### GOAL OF THE EXERCISE
Below are records to transcribe exactly, without their pictures.

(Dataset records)
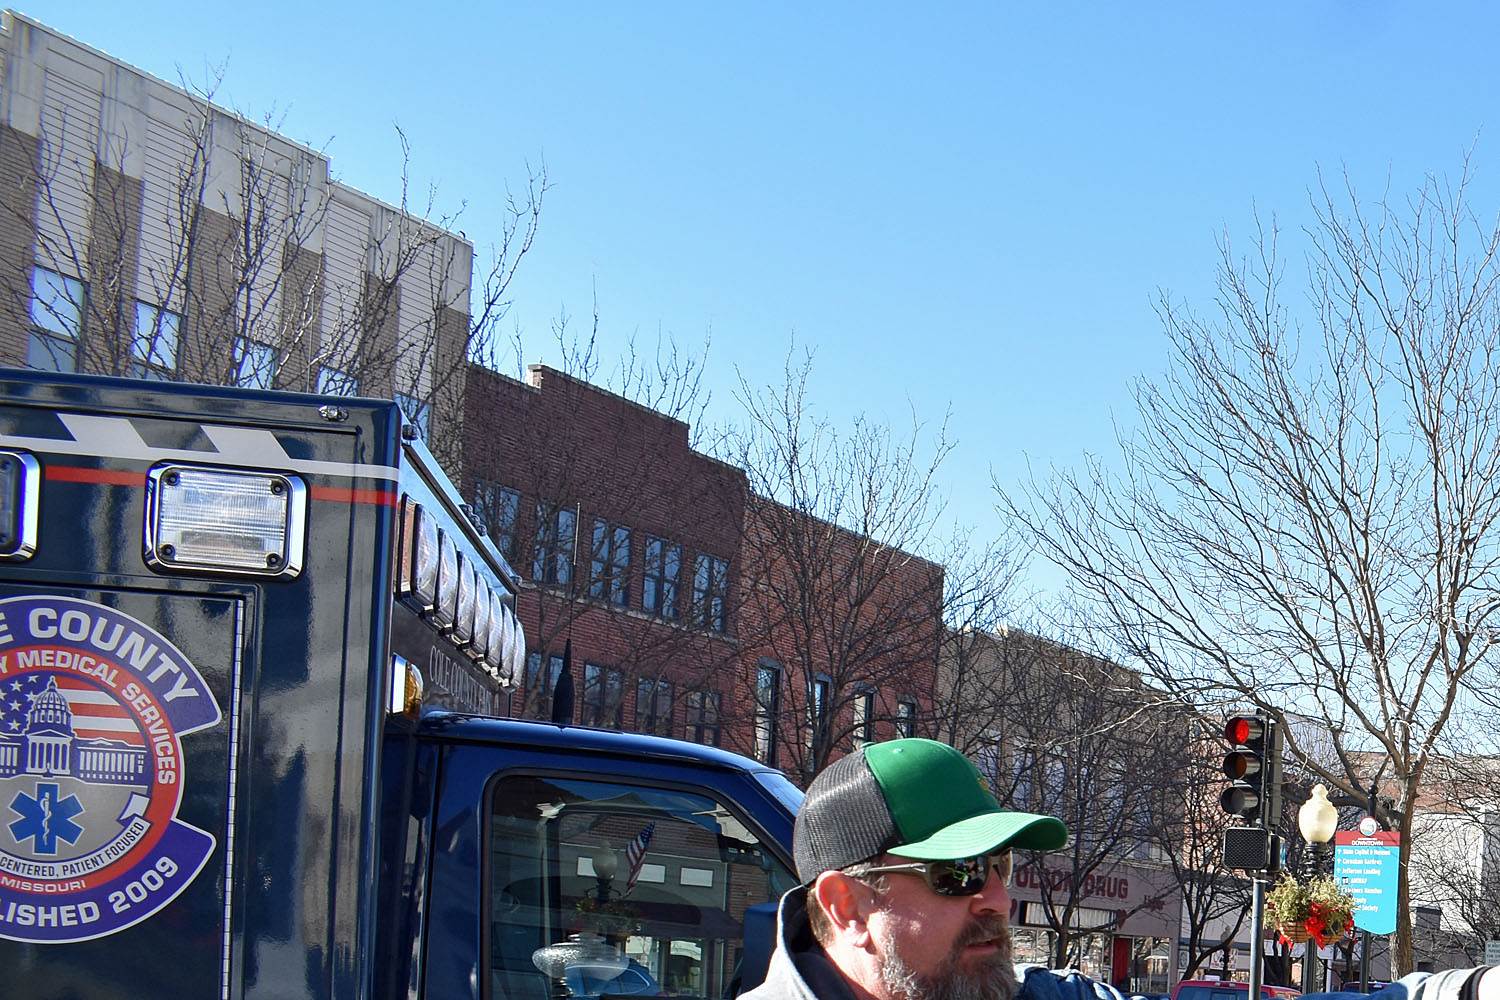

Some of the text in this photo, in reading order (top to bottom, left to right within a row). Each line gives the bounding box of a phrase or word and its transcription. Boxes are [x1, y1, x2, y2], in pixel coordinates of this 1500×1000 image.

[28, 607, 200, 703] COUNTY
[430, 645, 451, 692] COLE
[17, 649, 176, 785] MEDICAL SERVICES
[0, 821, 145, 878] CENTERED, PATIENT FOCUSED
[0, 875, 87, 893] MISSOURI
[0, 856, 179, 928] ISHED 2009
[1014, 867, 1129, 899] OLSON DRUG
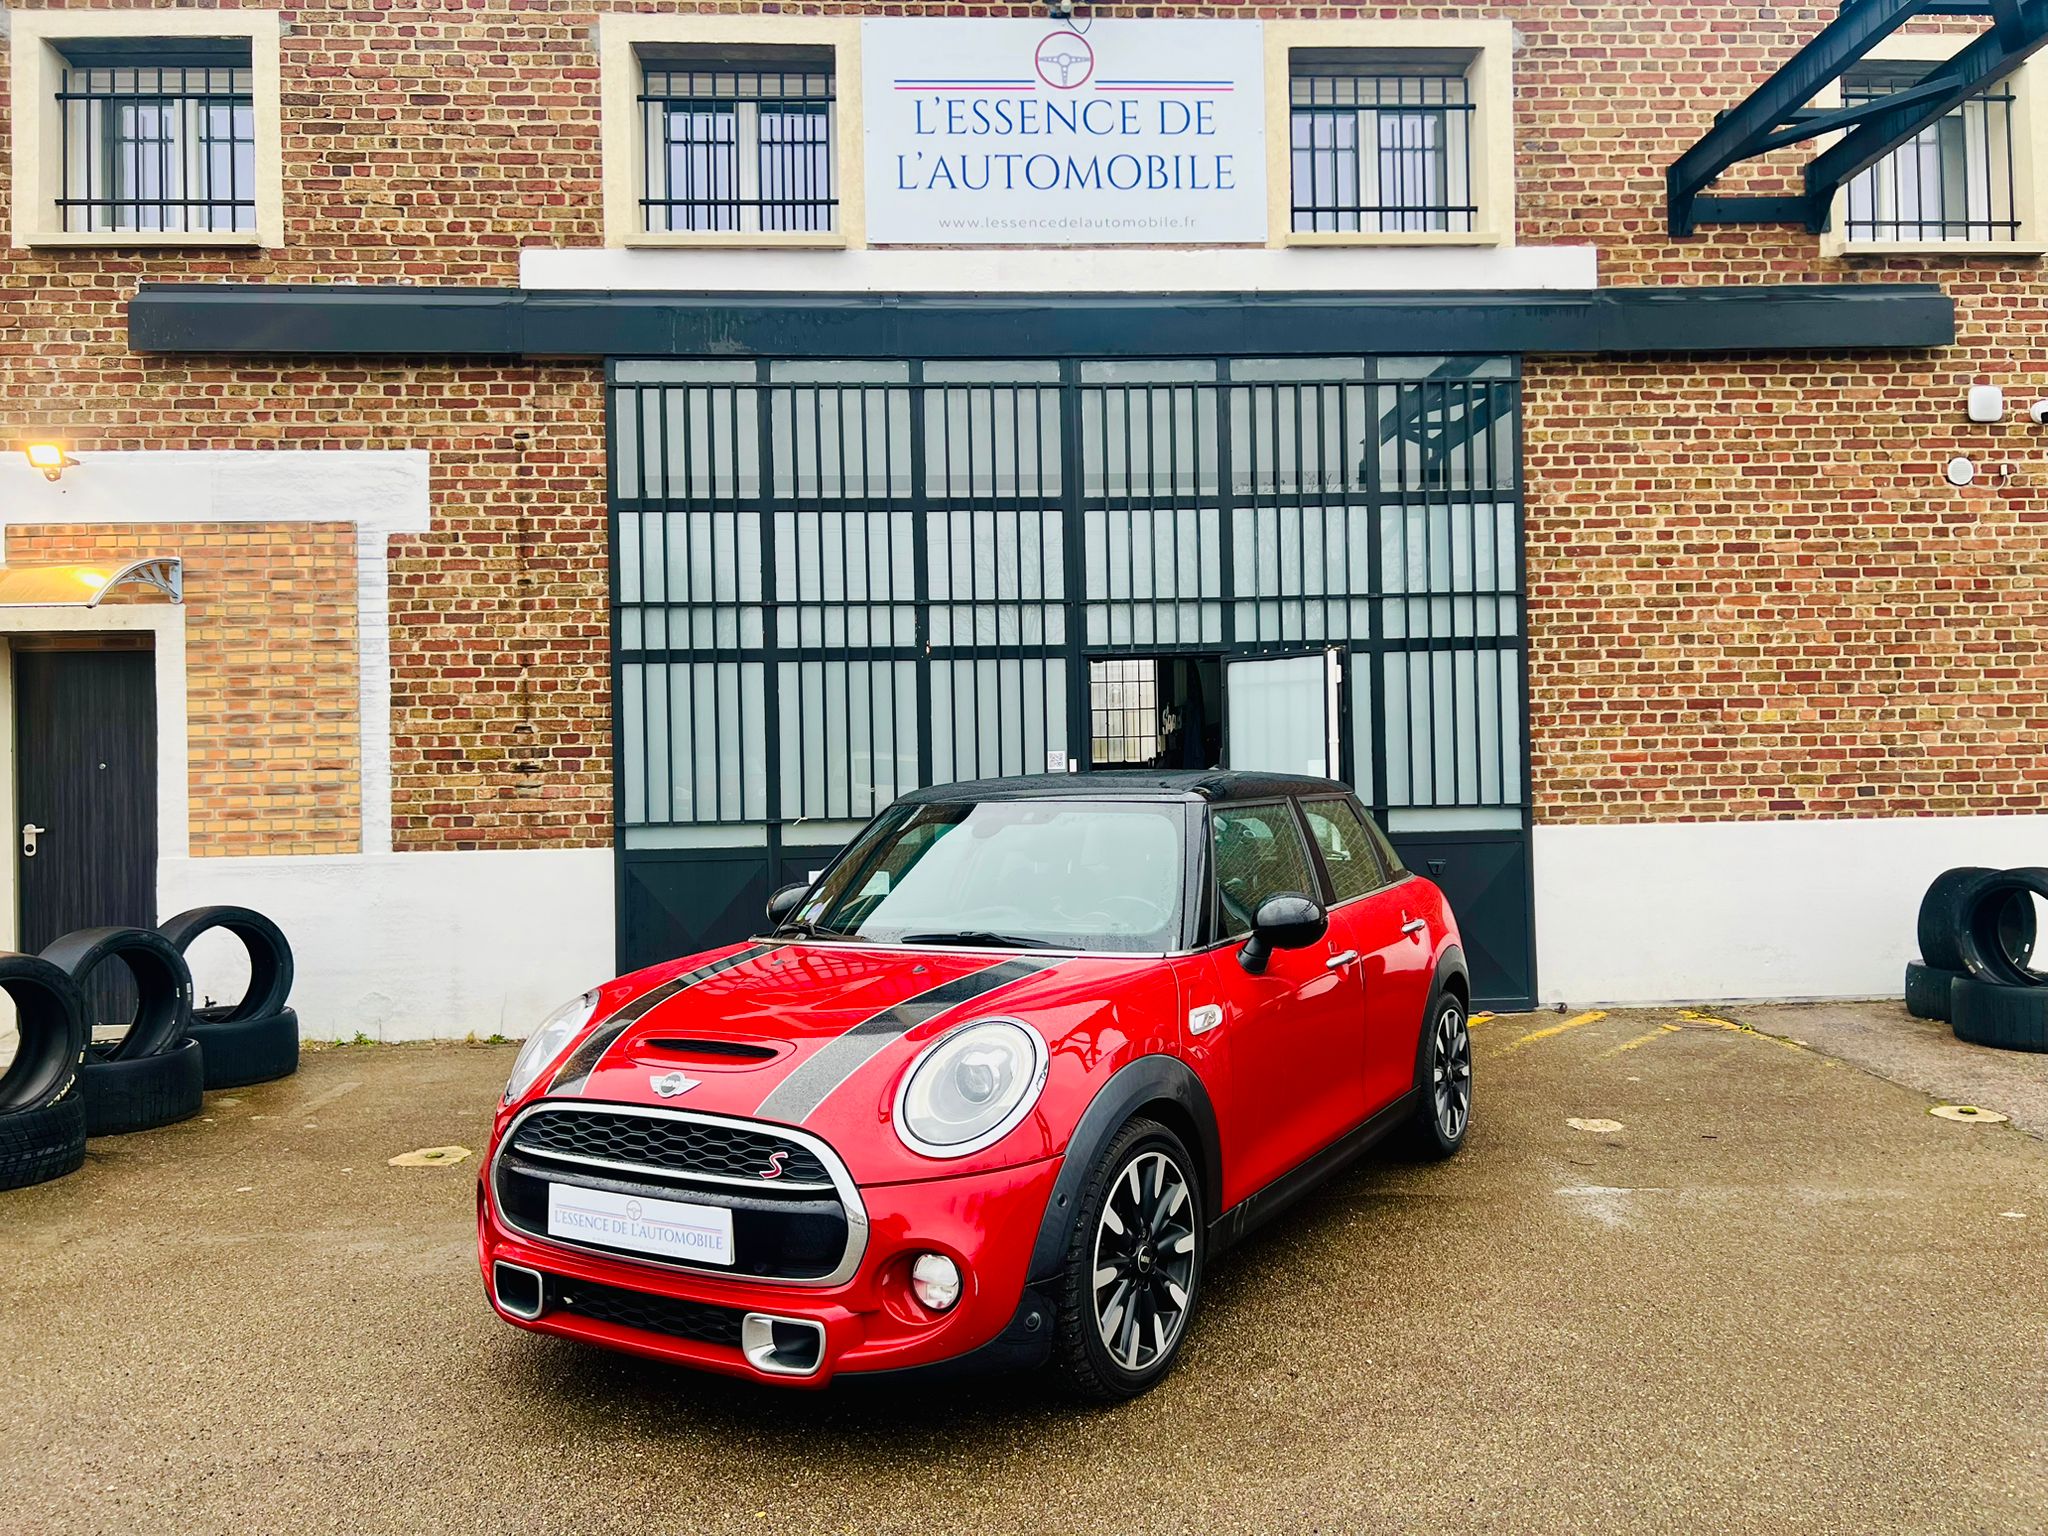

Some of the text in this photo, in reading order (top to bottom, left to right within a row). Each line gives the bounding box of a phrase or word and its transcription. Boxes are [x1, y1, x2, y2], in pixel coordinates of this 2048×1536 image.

### ANSWER SECTION
Some of the text in this photo, in reading order (top to bottom, left to right within a row). Each line gives the bounding box of a phrase or word and its transcription. Boxes are [x1, y1, x2, y2], in pixel coordinates of this 1500×1000 image.

[28, 607, 200, 703] COUNTY
[430, 645, 451, 692] COLE
[17, 649, 176, 785] MEDICAL SERVICES
[0, 821, 145, 878] CENTERED, PATIENT FOCUSED
[0, 875, 87, 893] MISSOURI
[0, 856, 179, 928] ISHED 2009
[1014, 867, 1129, 899] OLSON DRUG

Some of the text in this photo, in reading order (top to bottom, left to right within a row). Each line gives the bounding box of a phrase or word and its transcription. Boxes are [x1, y1, x2, y2], in pixel coordinates of this 2048×1536 image.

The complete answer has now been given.